Pacific women continue to carry burden of informal business sector

8 Mar 2021
Pacific women continue to carry burden of informal business sector

7 Mar 2021, Tonga, Palau, Fiji and Vanuatu – As the world marks its second International Women’s Day on March 8th since the onset of COVID-19, United Nations Secretary General, Antonio Guterres did not mince his words during his annual statement. “The COVID-19 pandemic has erased decades of progress towards gender equality,” he said. “From high job losses to exploding burdens of unpaid care, from disrupted schooling to an escalating crisis of domestic violence and exploitation, women’s lives have been upended and their rights eroded.”

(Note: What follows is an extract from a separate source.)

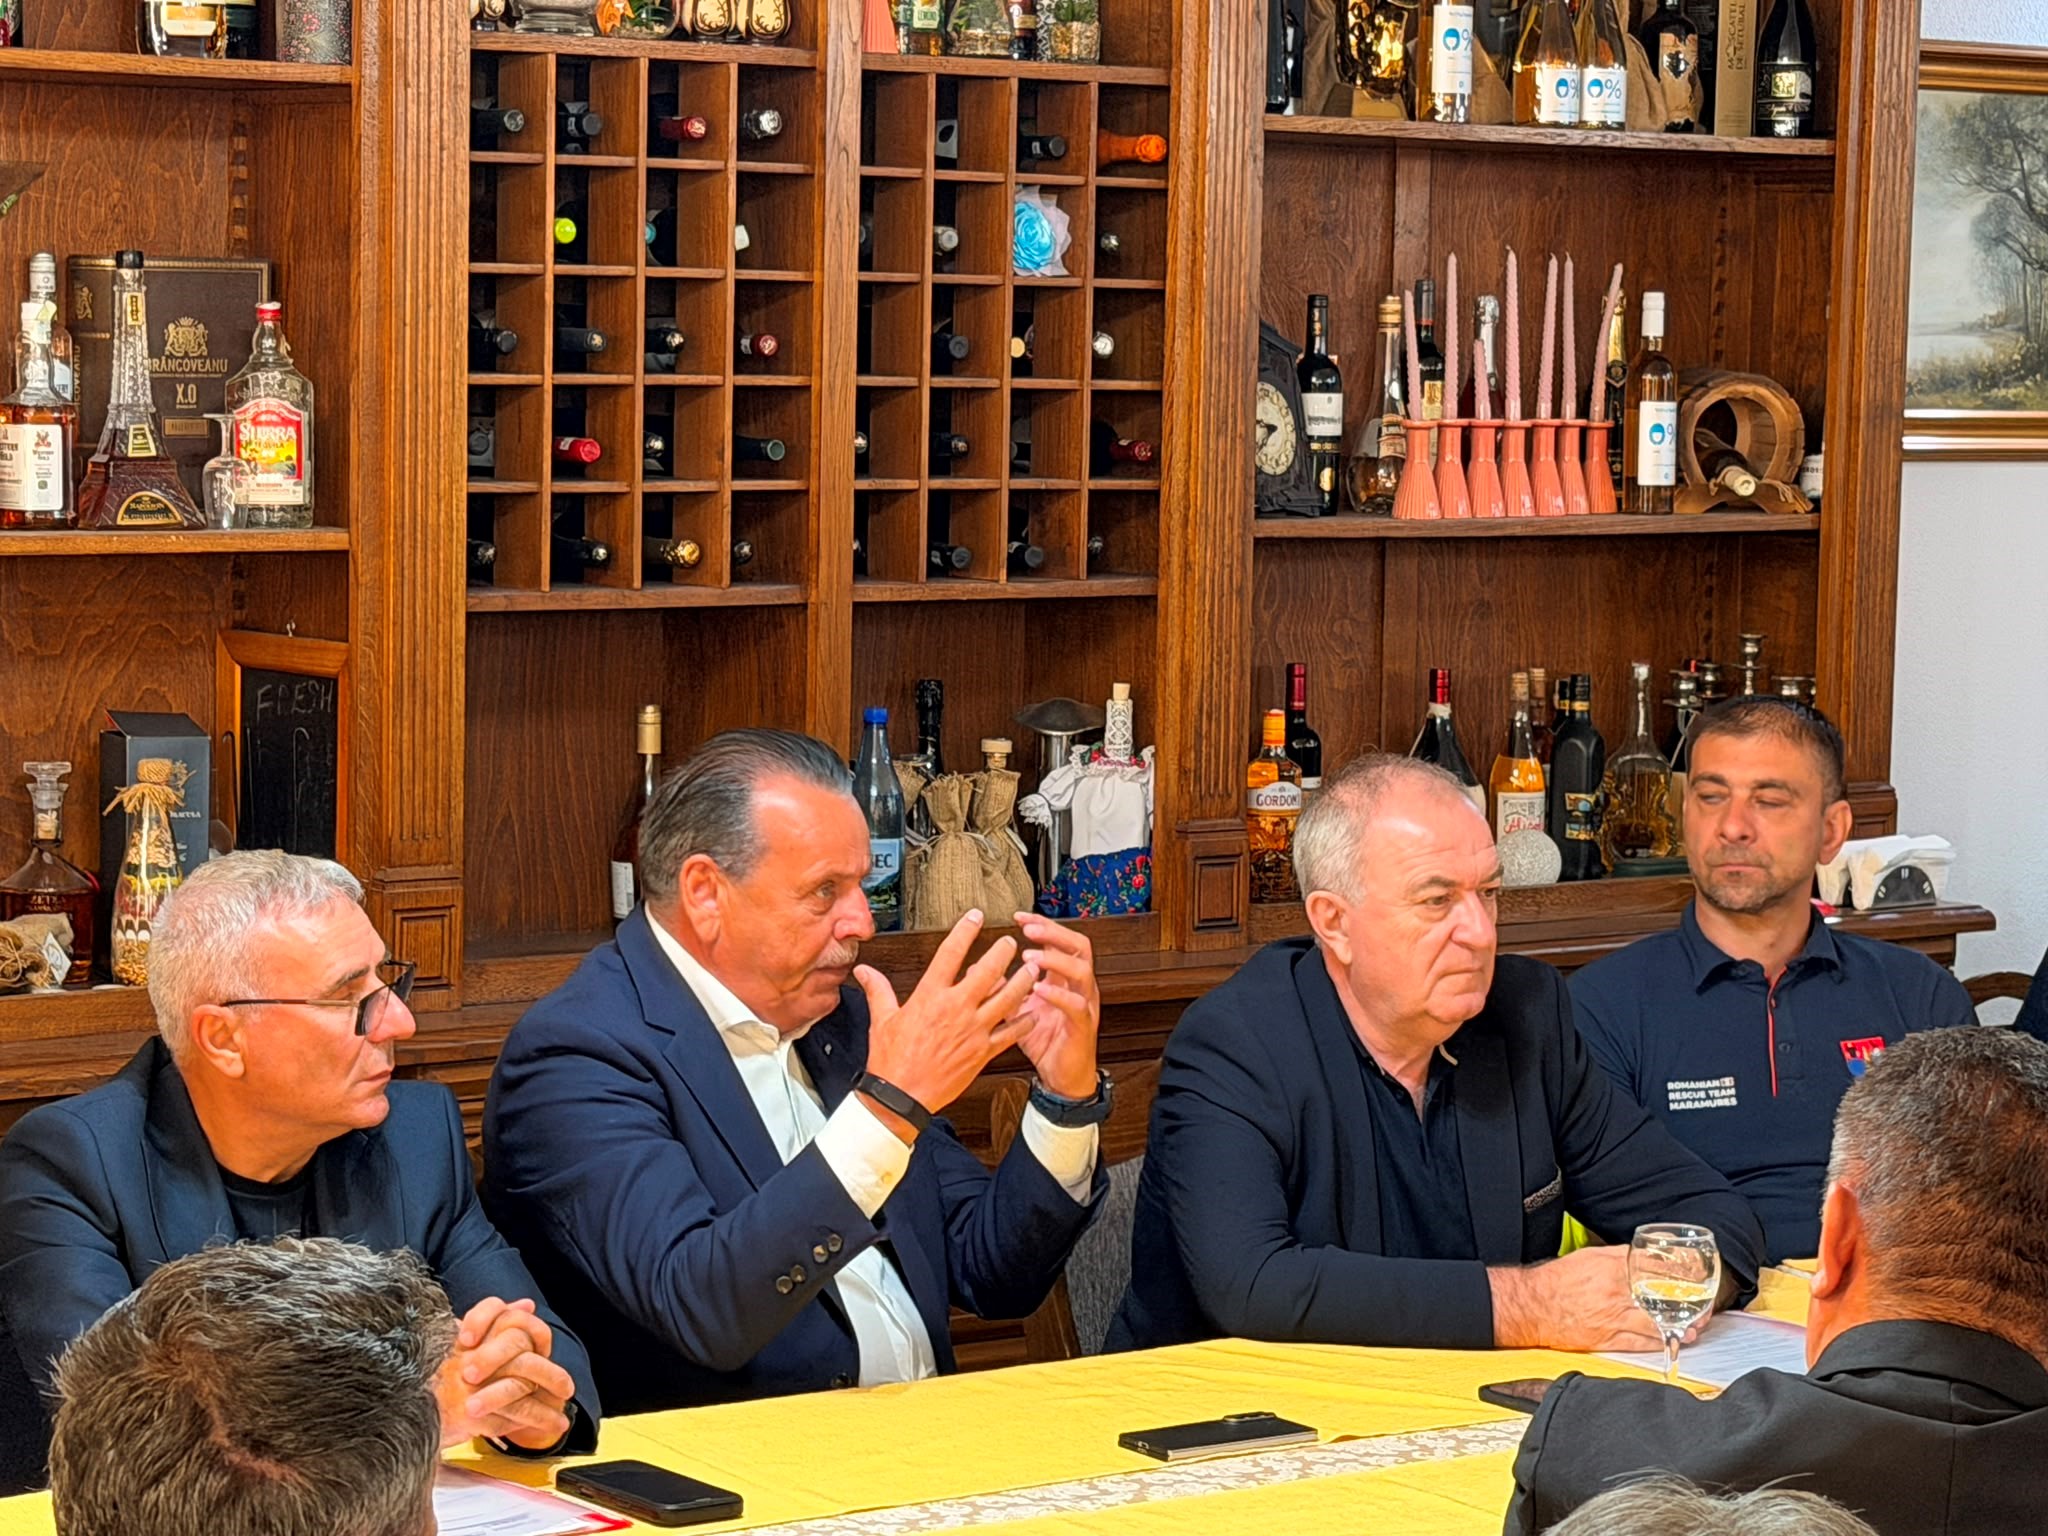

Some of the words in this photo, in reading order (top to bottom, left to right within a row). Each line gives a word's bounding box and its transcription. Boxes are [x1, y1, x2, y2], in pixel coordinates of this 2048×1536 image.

Common livelihoods for women in the Pacific such as market vending, farming, fishing and daily wage earning, have been particularly devastated, as they make up the informal sector where income is not secure and there is no insurance, paid leave or safety nets. When there are economic shocks and people can’t trade, women with informal businesses such as market vendors, have no other way to access money.


In Tonga, the local handicraft market was closed for weeks in 2020, as part of national COVID19-containment measures; this heavily impacted vendors. Informal employment is usually characterized by a lack of structure, including non-regular working hours and a lack of access to secure benefits, welfare protection or representation. As a result, one such vendor explained that she had missed out on government assistance due to being a part of a largely unregulated and unseen segment of the workforce.

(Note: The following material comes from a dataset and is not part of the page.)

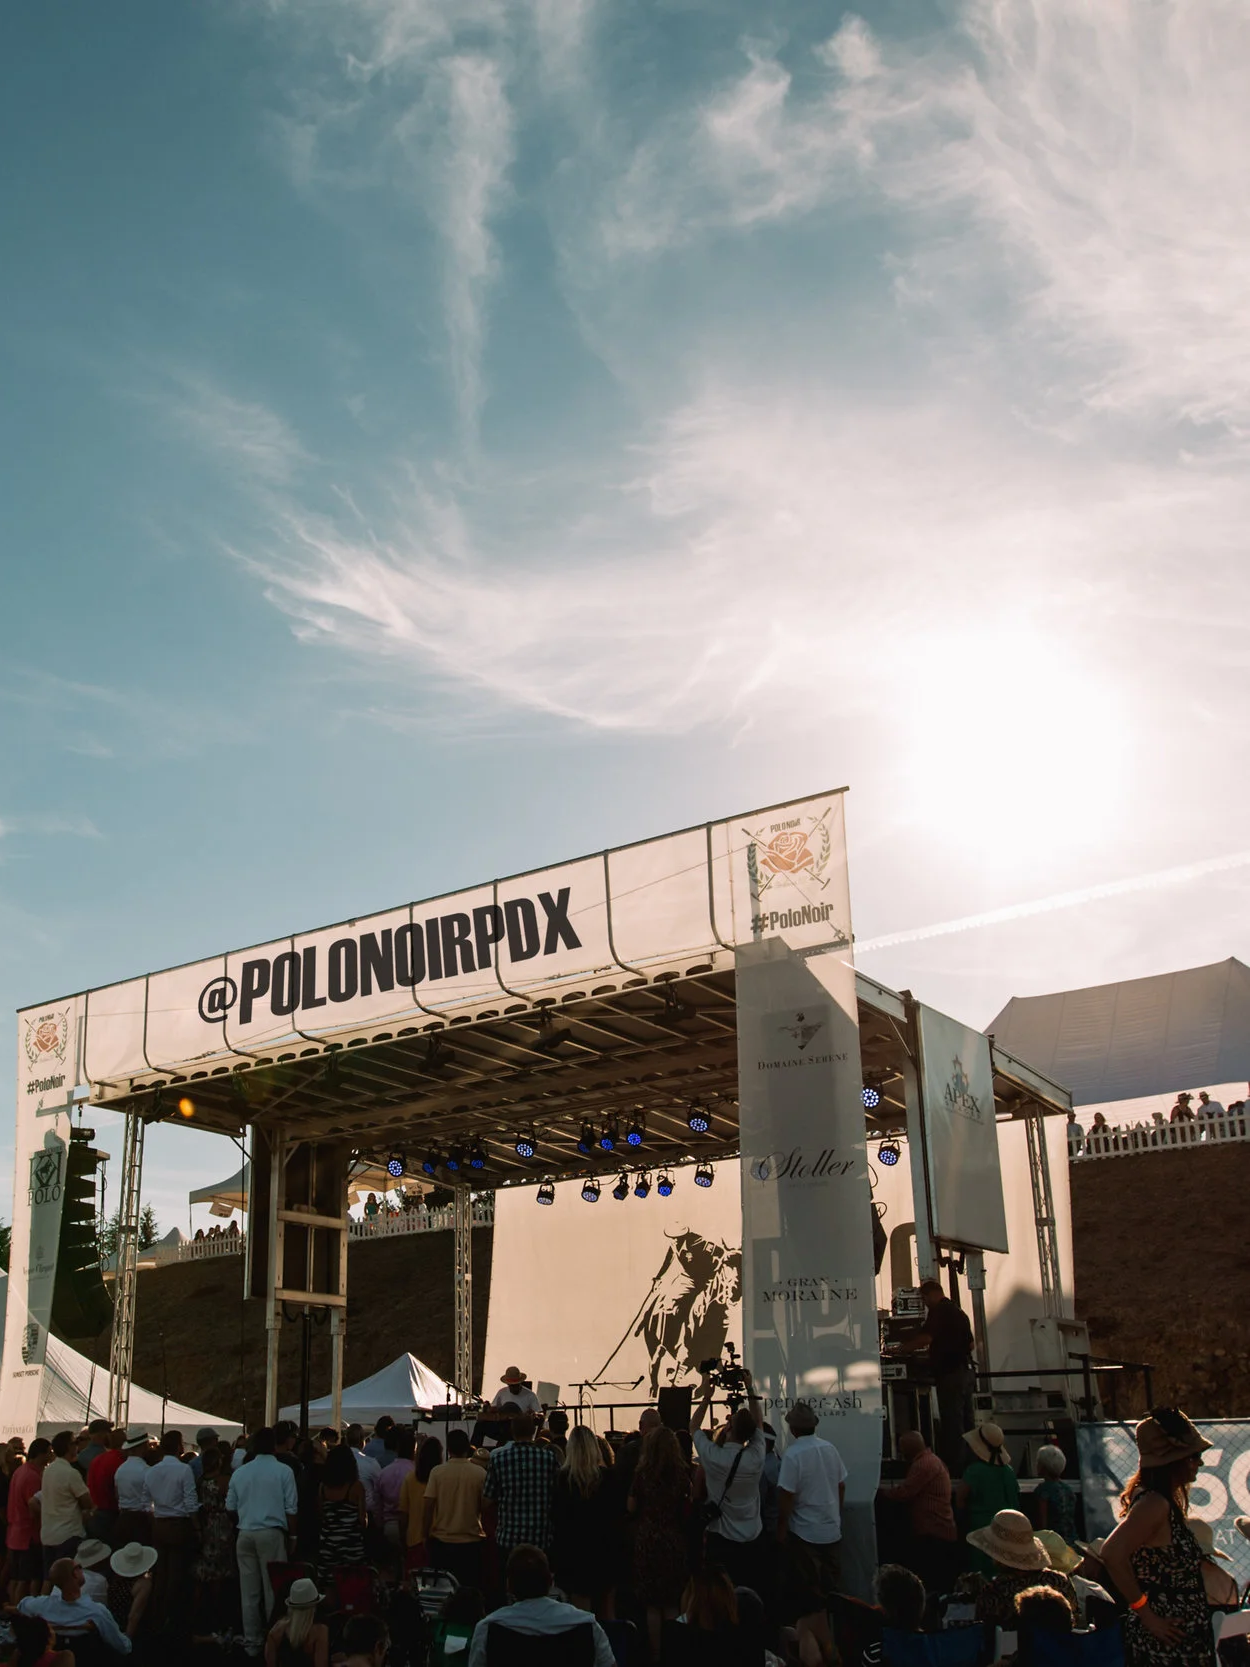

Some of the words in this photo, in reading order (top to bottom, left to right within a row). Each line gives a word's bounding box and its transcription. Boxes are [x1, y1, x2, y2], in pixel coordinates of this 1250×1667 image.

Similarly, in Fiji, women crafters who are the sole breadwinners in household have experienced more home responsibilities, particularly with children and grandchildren or great grandchildren being confined. One crafter shared that she has now used up all her savings and has borrowed money and is now bartering to access the raw materials she needs.


As the informal sector continues to swell due to job losses and reduced working hours, the United Nations has embarked on a project aimed at supporting economic recovery through strengthening the long-term sustainability of businesses in the informal sector of Fiji, Palau, Tonga and Vanuatu. 


A joint initiative between the International Labour Organisation [ILO], United Nations Educational, Scientific and Cultural Organisation (UNESCO), United Nations Development Programme (UNDP) and the International Fund for Agricultural Development (IFAD), the project received approval through the UN Secretary General’s Multi-Partner Trust Fund for COVID-19 recovery.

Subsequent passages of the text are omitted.